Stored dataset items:
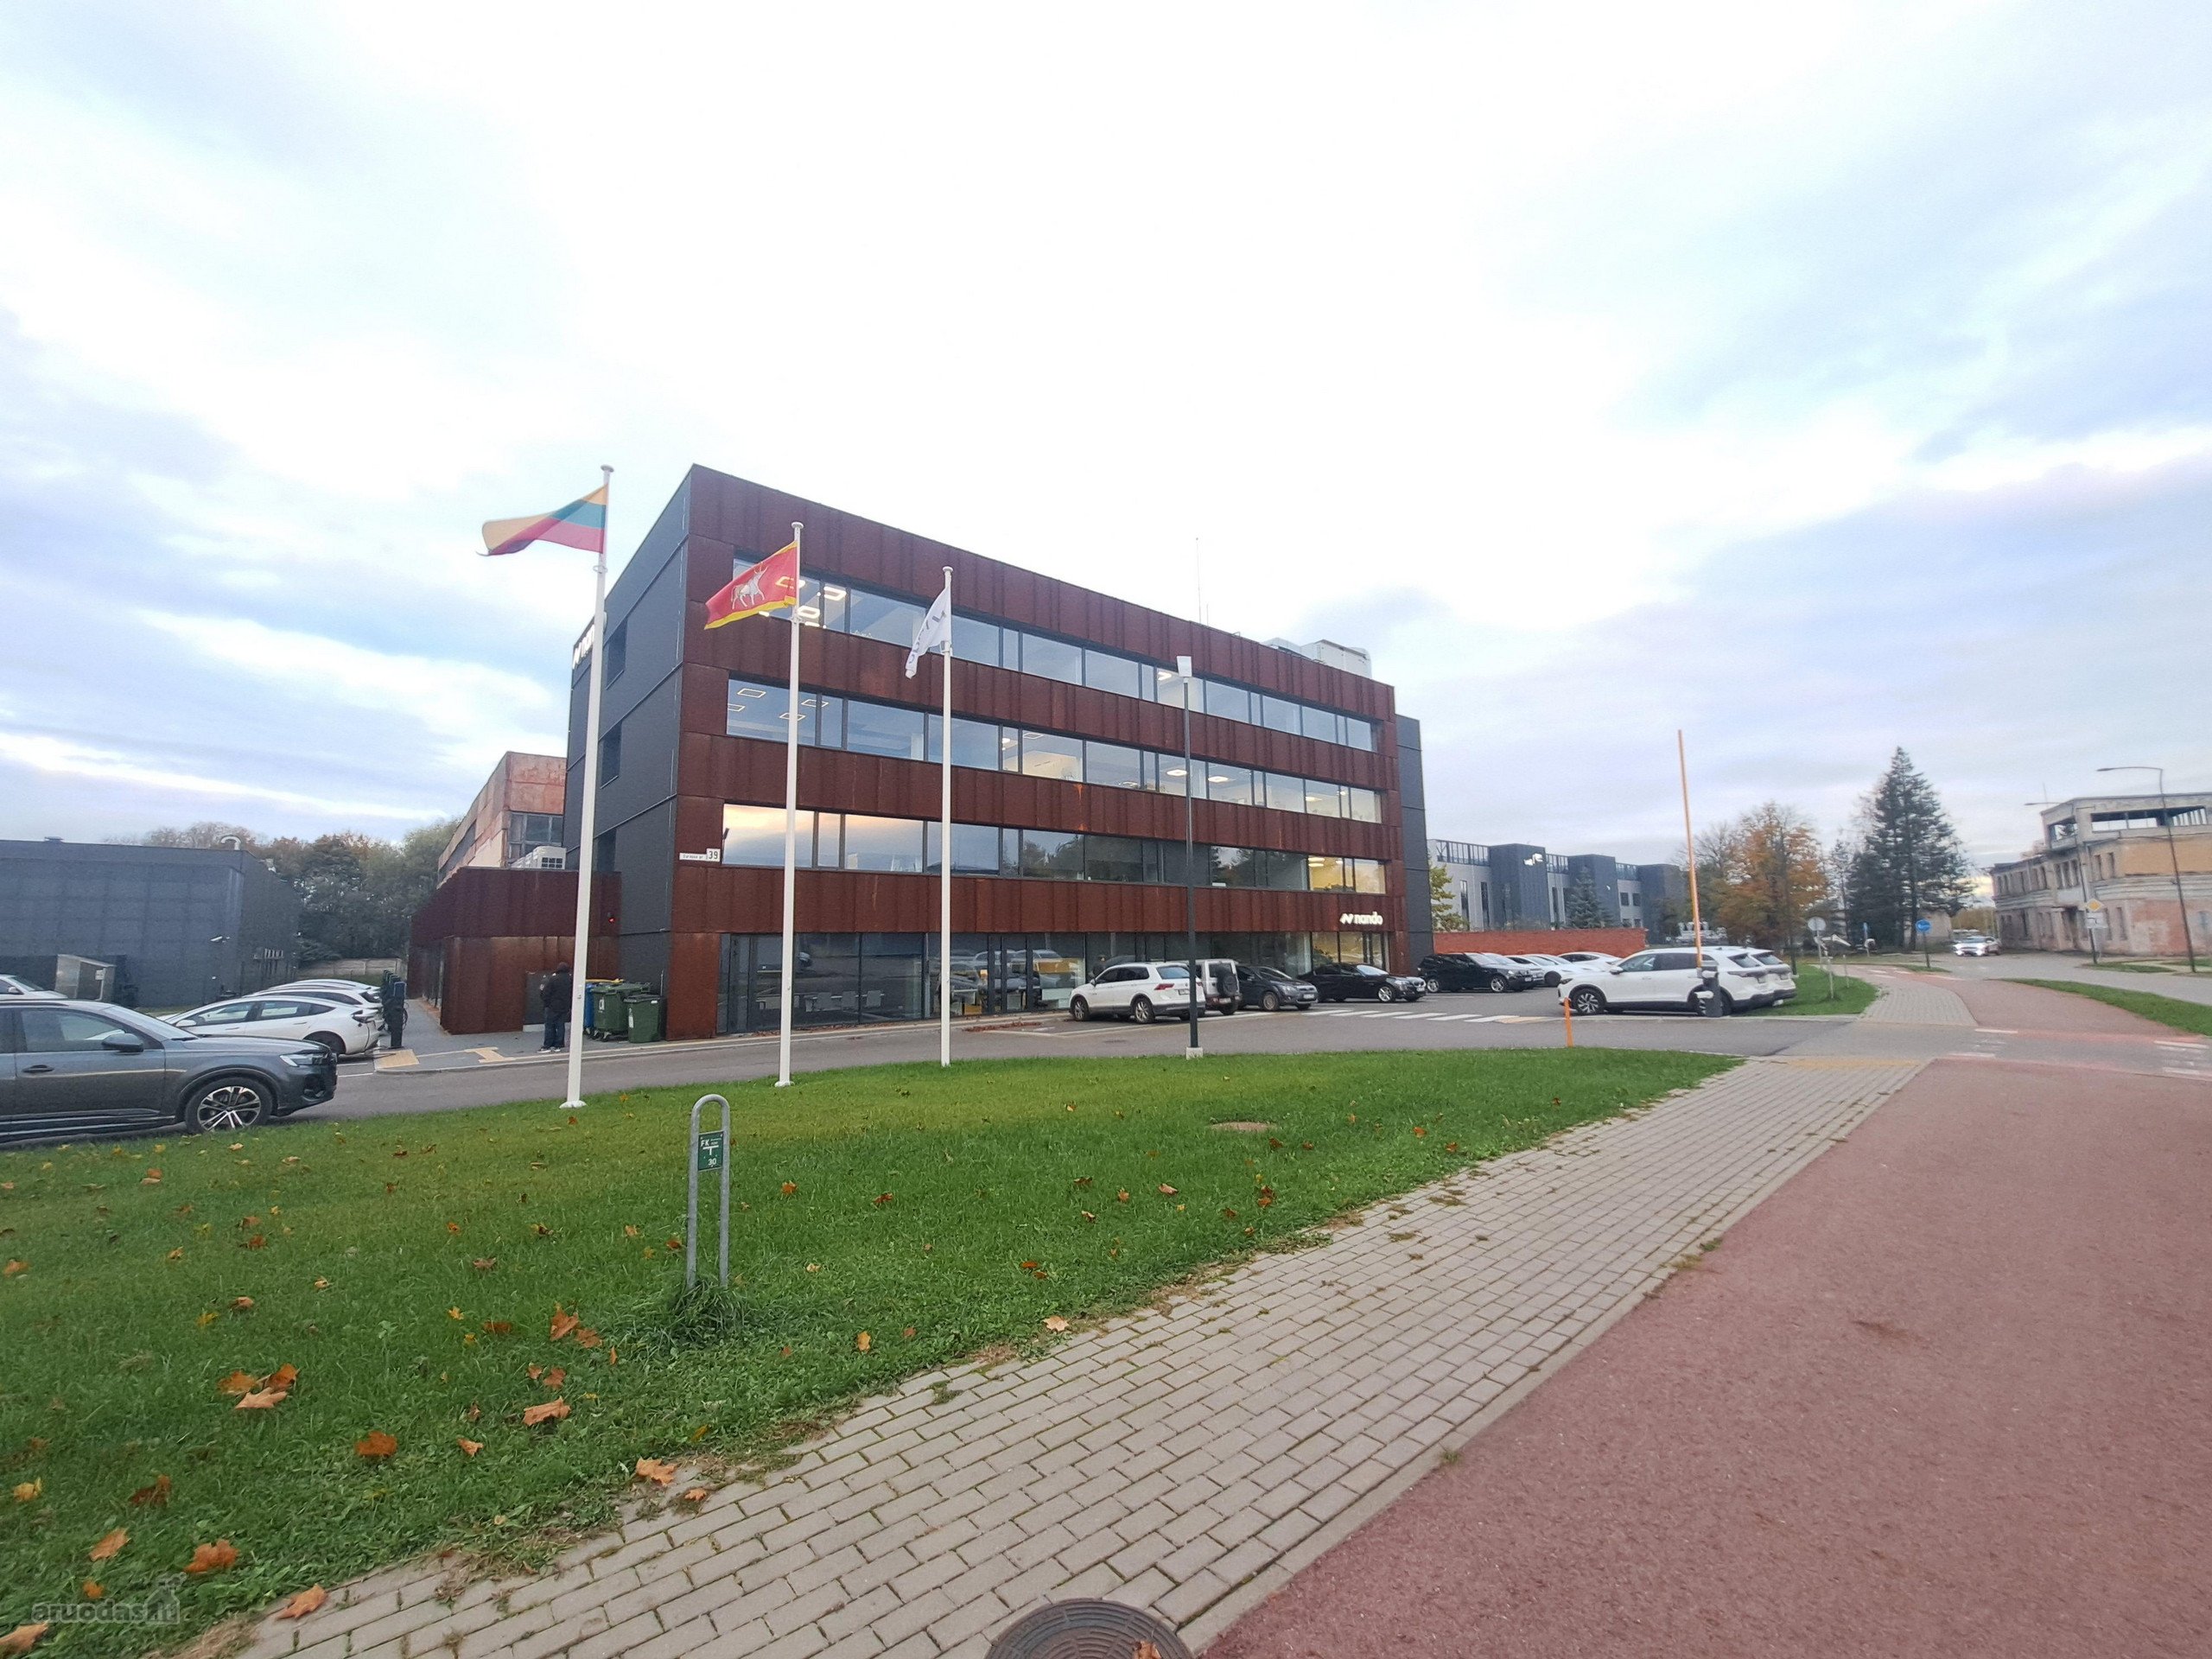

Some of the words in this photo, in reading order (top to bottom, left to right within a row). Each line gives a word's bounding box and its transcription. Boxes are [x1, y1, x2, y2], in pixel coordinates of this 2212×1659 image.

[709, 850, 719, 860] 39
[1354, 911, 1383, 925] nando
[701, 1139, 709, 1147] FK
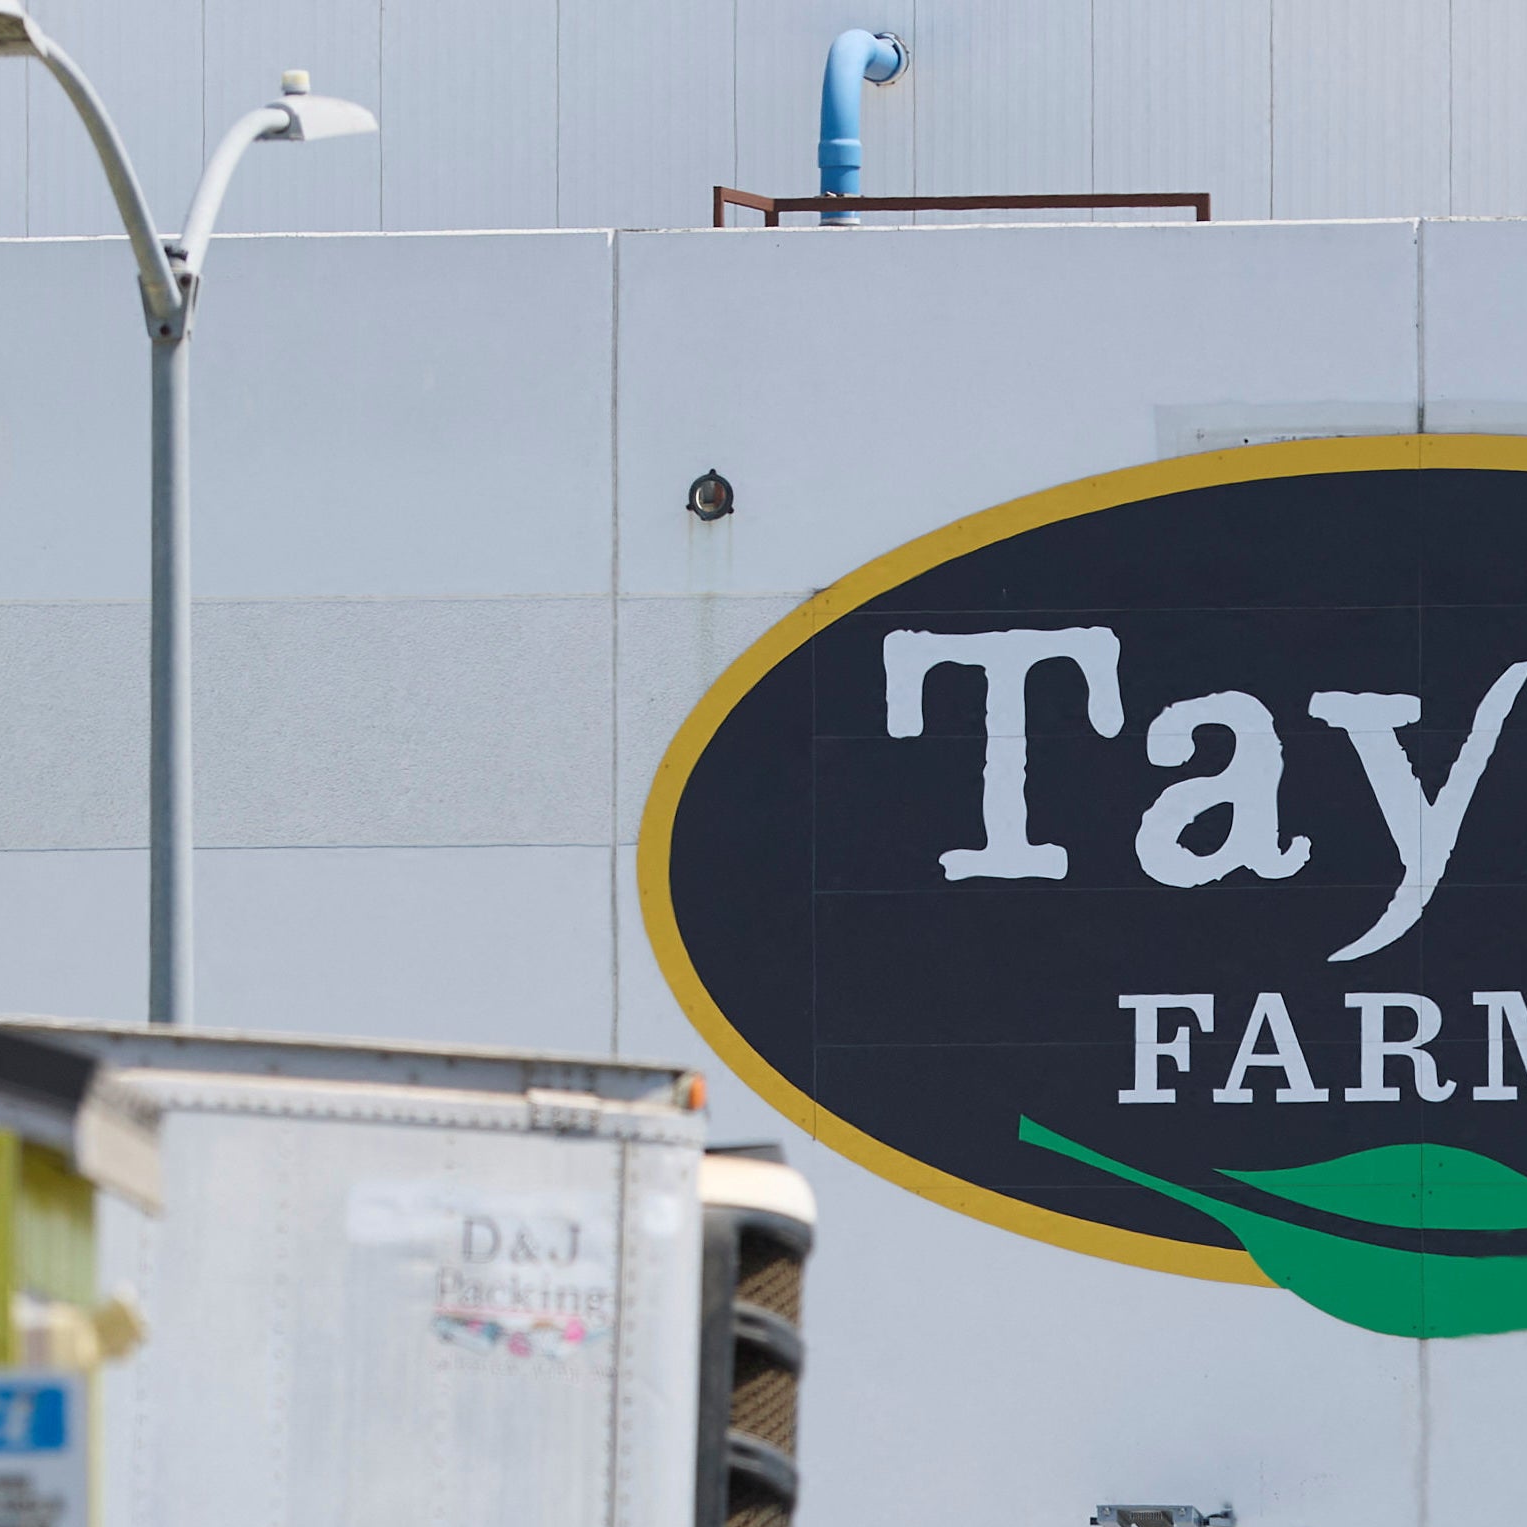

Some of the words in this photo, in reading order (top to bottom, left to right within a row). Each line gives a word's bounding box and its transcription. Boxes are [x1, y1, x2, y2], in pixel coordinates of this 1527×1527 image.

Task => Retype the records above exactly. Leave the pictures out.

Completed exercise =>
Some of the words in this photo, in reading order (top to bottom, left to right within a row). Each line gives a word's bounding box and its transcription. Boxes are [x1, y1, x2, y2], in pixel coordinates of this 2212×1659 image.

[709, 850, 719, 860] 39
[1354, 911, 1383, 925] nando
[701, 1139, 709, 1147] FK

Some of the words in this photo, in reading order (top to bottom, left to right within a row). Each line gives a word's bounding box and its transcription. Boxes are [x1, y1, x2, y2], in pixel coordinates of this 1527×1527 image.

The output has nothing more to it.